= WORK REQUEST =
Without including any pictures, give back all of the data exactly.

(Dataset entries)
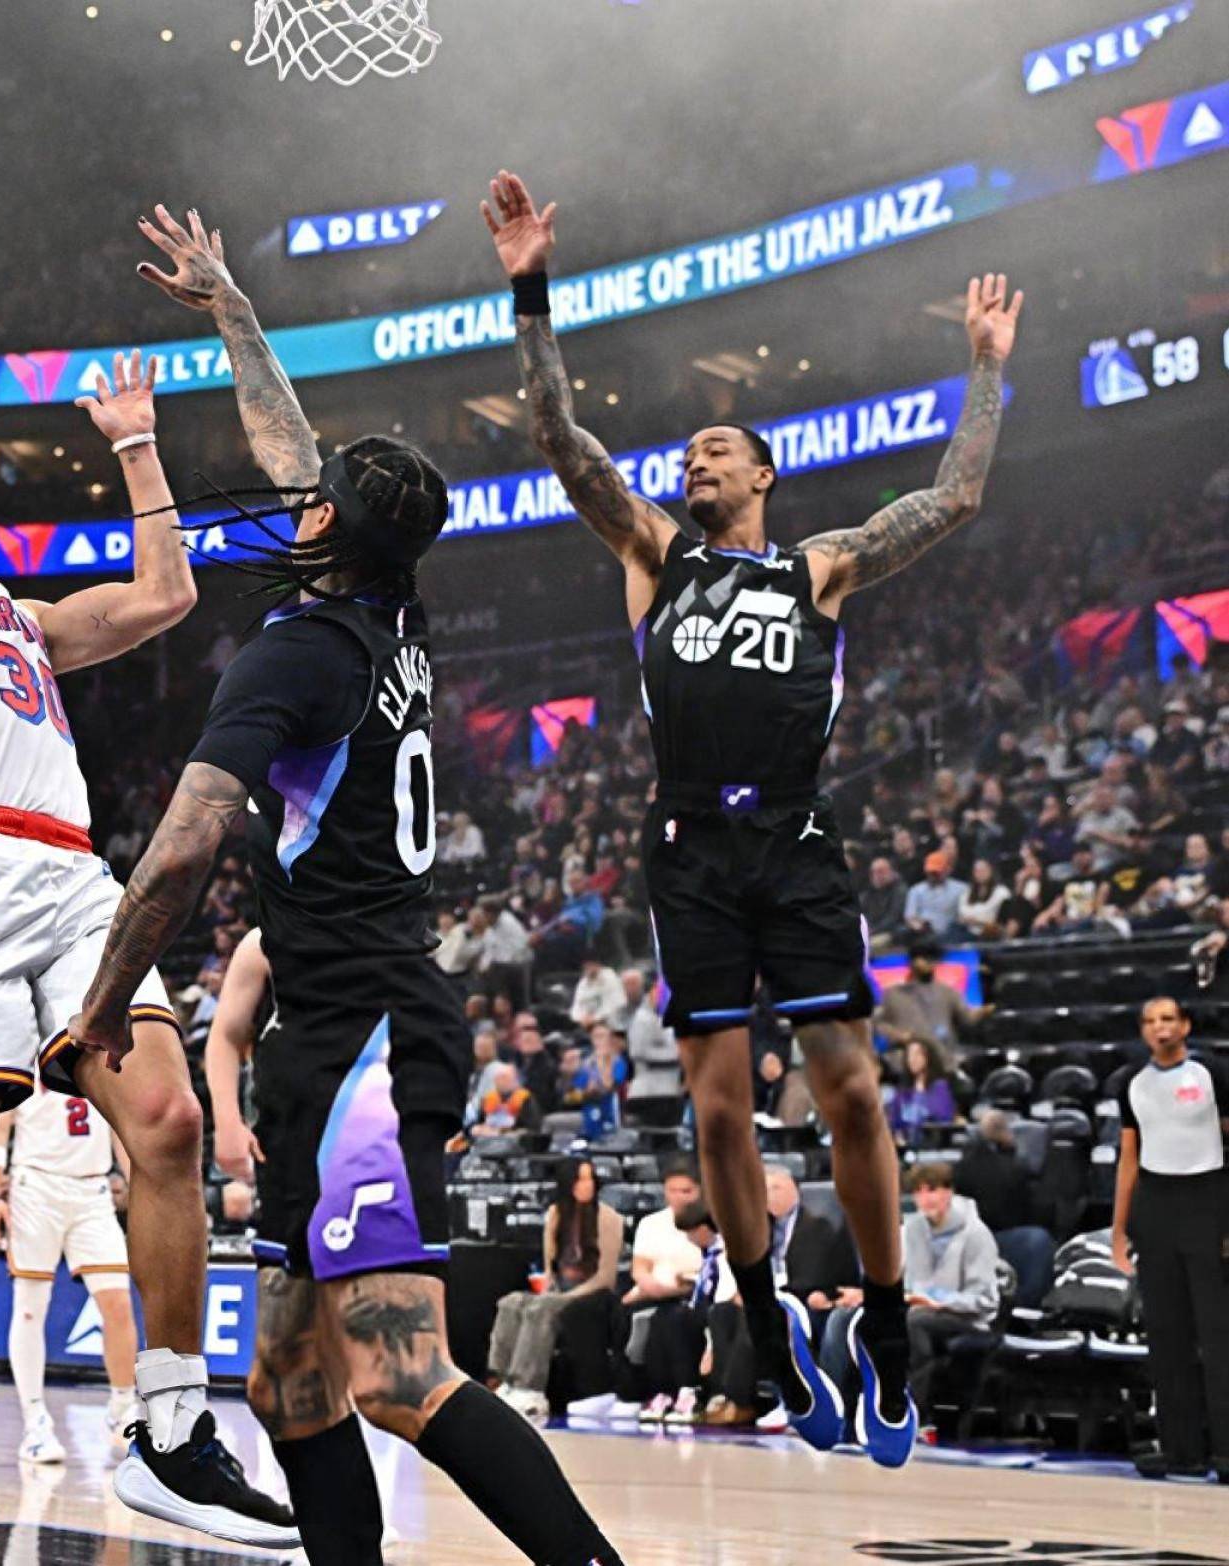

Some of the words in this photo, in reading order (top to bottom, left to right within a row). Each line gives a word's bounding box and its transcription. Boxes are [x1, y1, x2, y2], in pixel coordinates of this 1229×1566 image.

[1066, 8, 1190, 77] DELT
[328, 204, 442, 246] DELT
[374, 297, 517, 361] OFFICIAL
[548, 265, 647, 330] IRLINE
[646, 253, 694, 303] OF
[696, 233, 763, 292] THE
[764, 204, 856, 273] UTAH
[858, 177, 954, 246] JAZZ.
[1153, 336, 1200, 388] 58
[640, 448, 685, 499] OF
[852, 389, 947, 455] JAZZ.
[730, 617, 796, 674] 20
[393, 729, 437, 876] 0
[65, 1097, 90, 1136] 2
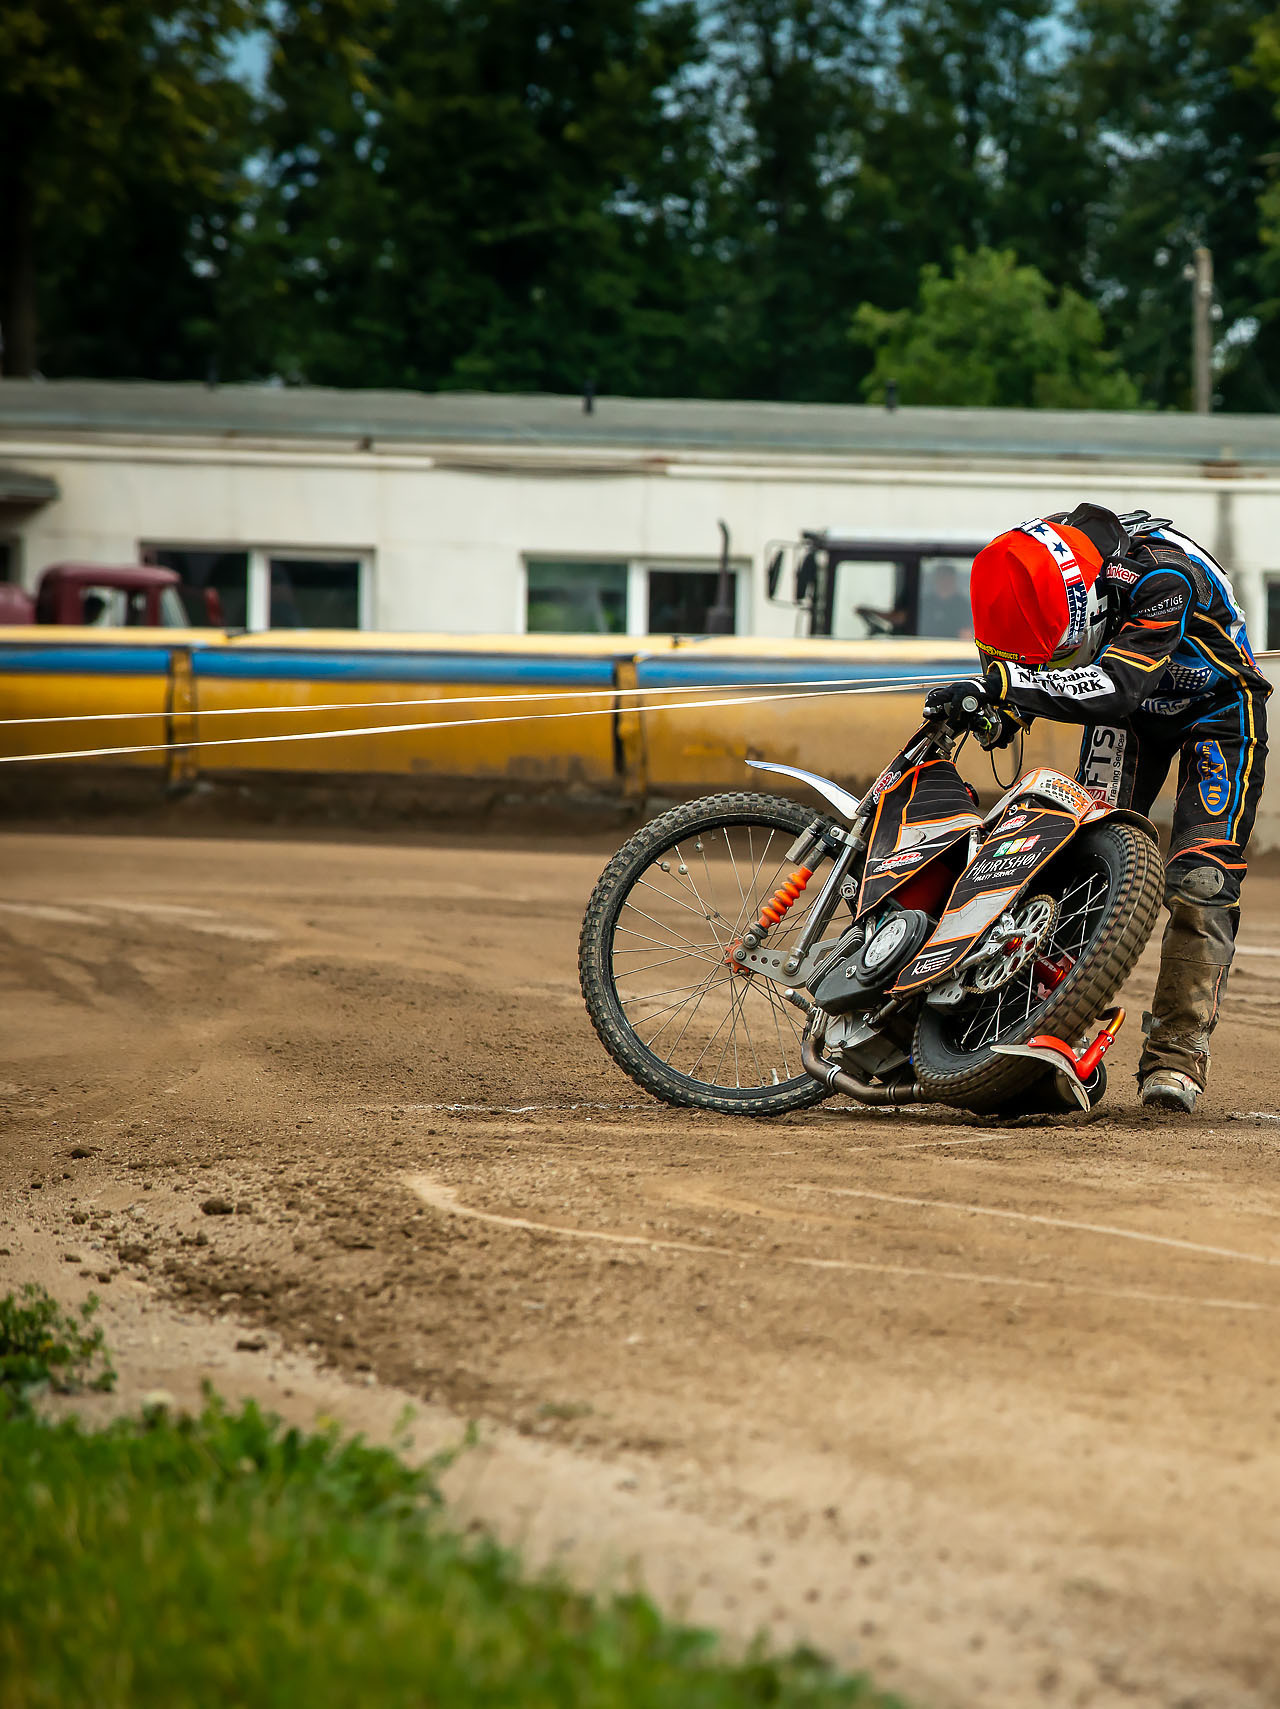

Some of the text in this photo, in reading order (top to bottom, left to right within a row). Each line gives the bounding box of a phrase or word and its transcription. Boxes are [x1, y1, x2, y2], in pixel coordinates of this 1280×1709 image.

= TASK OUTPUT =
Some of the words in this photo, in reading order (top to bottom, left to right within a row). Each line gives a word's bounding box and its transcription. Boxes are [x1, y1, x2, y2], in pixel coordinates of this 1229×1566 image.

[1066, 8, 1190, 77] DELT
[328, 204, 442, 246] DELT
[374, 297, 517, 361] OFFICIAL
[548, 265, 647, 330] IRLINE
[646, 253, 694, 303] OF
[696, 233, 763, 292] THE
[764, 204, 856, 273] UTAH
[858, 177, 954, 246] JAZZ.
[1153, 336, 1200, 388] 58
[640, 448, 685, 499] OF
[852, 389, 947, 455] JAZZ.
[730, 617, 796, 674] 20
[393, 729, 437, 876] 0
[65, 1097, 90, 1136] 2

Some of the text in this photo, in reading order (top to bottom, left to right within a row). Each line gives the bounding box of a phrase or word and its transcription. Boxes are [x1, y1, x2, y2], in pixel coordinates of this 1280×1709 image.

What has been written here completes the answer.